Effect of contact angle, zeta potential and particles size on the in vitro studies of Al2O3 and SiO2 nanoparticles

Currently, nanometal oxides find their role in different biological applications such as tissue engineering, implant and bone replacement materials. Owing to the increased use of nanoparticles, it is necessary to understand their release and toxicity in the biological system. In this regard, three independent studies such as in vitro cytotoxicity, antioxidant activity and biocompatibility of nano- and micrometal oxide particles such as alumina (Al₂O₃) and silica (SiO₂) are evaluated.
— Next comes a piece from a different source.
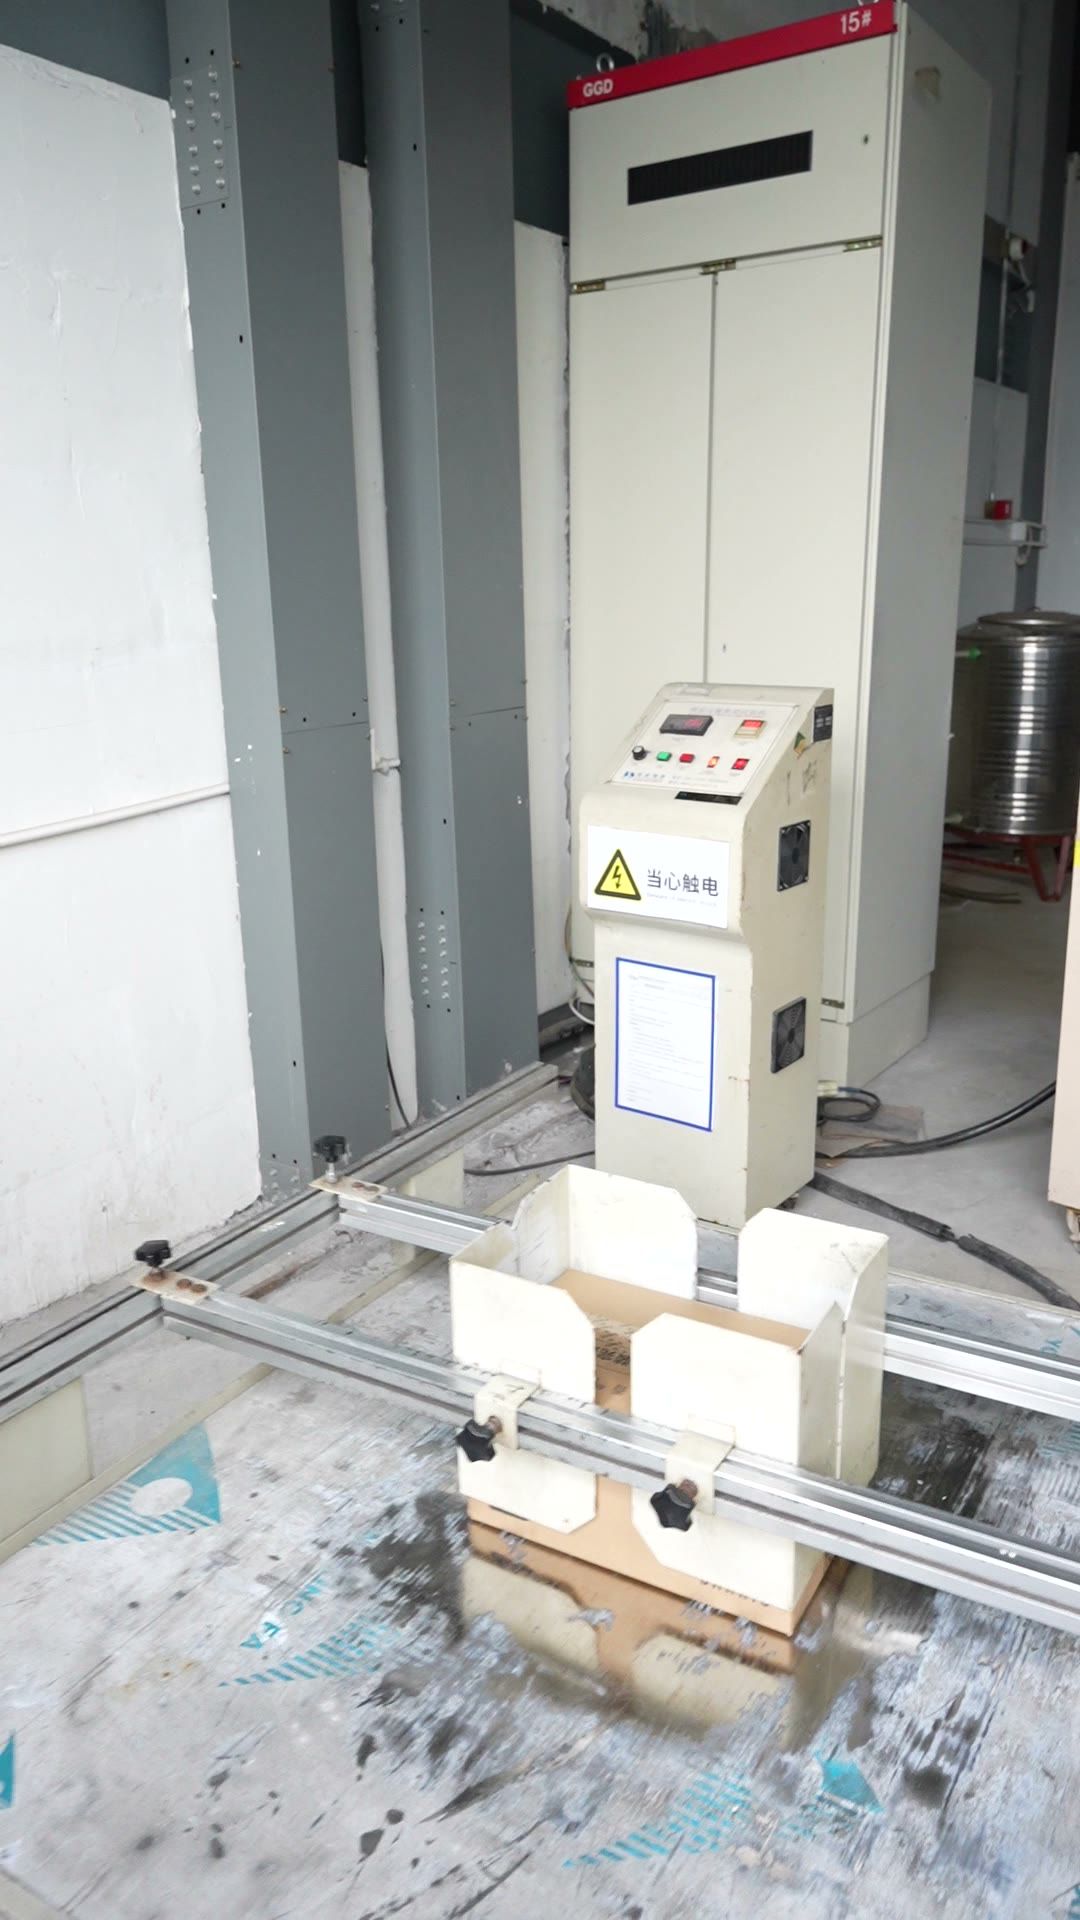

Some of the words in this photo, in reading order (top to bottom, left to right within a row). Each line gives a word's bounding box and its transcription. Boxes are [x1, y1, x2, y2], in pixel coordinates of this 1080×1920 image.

[840, 9, 872, 35] 15#
[582, 78, 614, 97] GGD
[647, 868, 719, 897] 当心触电
It is evident from cell viability study that nanoAl₂O₃ and SiO₂ particles are less toxic when compared with microAl₂O₃ and SiO₂ to NIH 3T3 cell lines up to 200 μg/ml. Antioxidant properties of micro- and nanoAl₂O₃ in terms of radical scavenging percentage for micro- and nanoAl₂O₃ are 59.1% and 72.1%, respectively, at 100 mg. Similarly, the radical scavenging percentage of nano- and bulk SiO₂ are 81.0% and 67.2%, respectively. The present study reveals that the cellular behaviour, interaction and biocompatibility of metal oxides differ with dose, particle size, contact angle and zeta potential. The present study opens up a new strategy to analyse in vitro nanotoxicity.